Methods: In a prospective, population-based cohort study of TIA and stroke (Oxford Vascular Study; 2002–2012), pre-event and new postevent dementia were ascertained through direct patient assessment and follow-up for 5 years, supplemented by review of hospital/primary care records. Associations between pre-event dementia and CKD (defined as an estimated glomerular filtration rate [eGFR] <60 mL/min/1.73 m2) were examined using logistic regression and between postevent dementia and CKD using Cox and competing risk regression models, adjusted for age, sex, education, stroke severity, prior stroke, white matter disease, diabetes mellitus, and dysphasia.

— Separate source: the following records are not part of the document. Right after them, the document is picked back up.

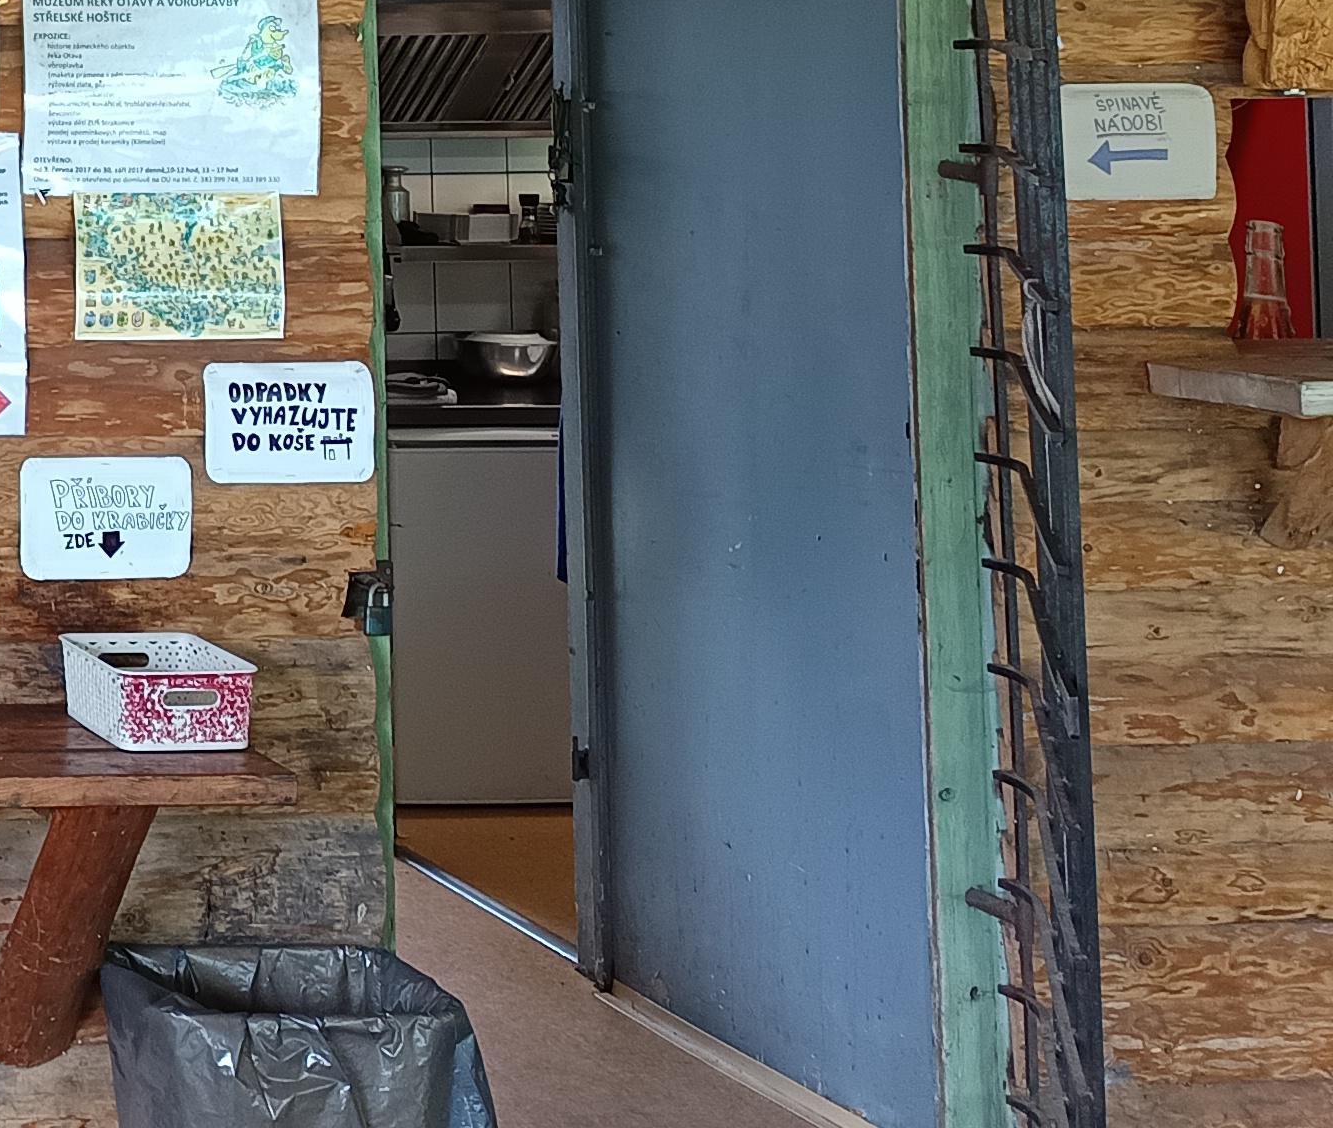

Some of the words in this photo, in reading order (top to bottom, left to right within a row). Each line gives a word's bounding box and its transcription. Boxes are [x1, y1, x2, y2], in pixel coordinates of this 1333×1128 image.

[33, 10, 83, 22] STŘELSKÉ
[87, 11, 132, 22] HOŠTICE
[1094, 91, 1164, 112] ŠPINAVÉ
[1094, 110, 1167, 133] NÁDOBÍ
[228, 382, 327, 404] ODPADKY
[231, 405, 358, 432] VYHAZUJTE
[232, 433, 260, 452] DO
[269, 427, 315, 452] KOŠE
[49, 477, 155, 509] PŘÍBORY
[55, 510, 83, 532] DO
[93, 504, 190, 531] KRABIČKY
[64, 532, 95, 550] ZDE

Results: Among 2,305 patients with TIA/stroke (median [interquartile range] age, 77 [67–84] years, 1,133 [49%] male, 688 [30%] TIA), 1,174 (50.9%) had CKD. CKD was associated with both pre-event (odds ratio [OR] 2.04 [95% confidence interval (CI) 1.52–2.72]; p < 0.001) and postevent dementia (hazard ratio [HR] 2.01 [95% CI 1.65–2.44]; p < 0.001), but these associations attenuated after adjustment for covariates (OR 0.92 [0.65–1.31]; p = 0.65 and HR 1.09 [0.85–1.39]; p = 0.50). The results were similar when a competing risk model was used (subdistribution HR [SHR] 1.74 [1.43–2.12]; p < 0.001, attenuating to 1.01 [0.78–1.33]; p = 0.92 with adjustment). CKD was more strongly associated with late (>1 year) postevent dementia (SHR 2.32 [1.70–3.17]; p < 0.001), particularly after TIA and minor stroke (SHR 3.08 [2.05–4.64]; p < 0.001), but not significantly so after adjustment (SHR 1.53 [0.90–2.60]; p = 0.12).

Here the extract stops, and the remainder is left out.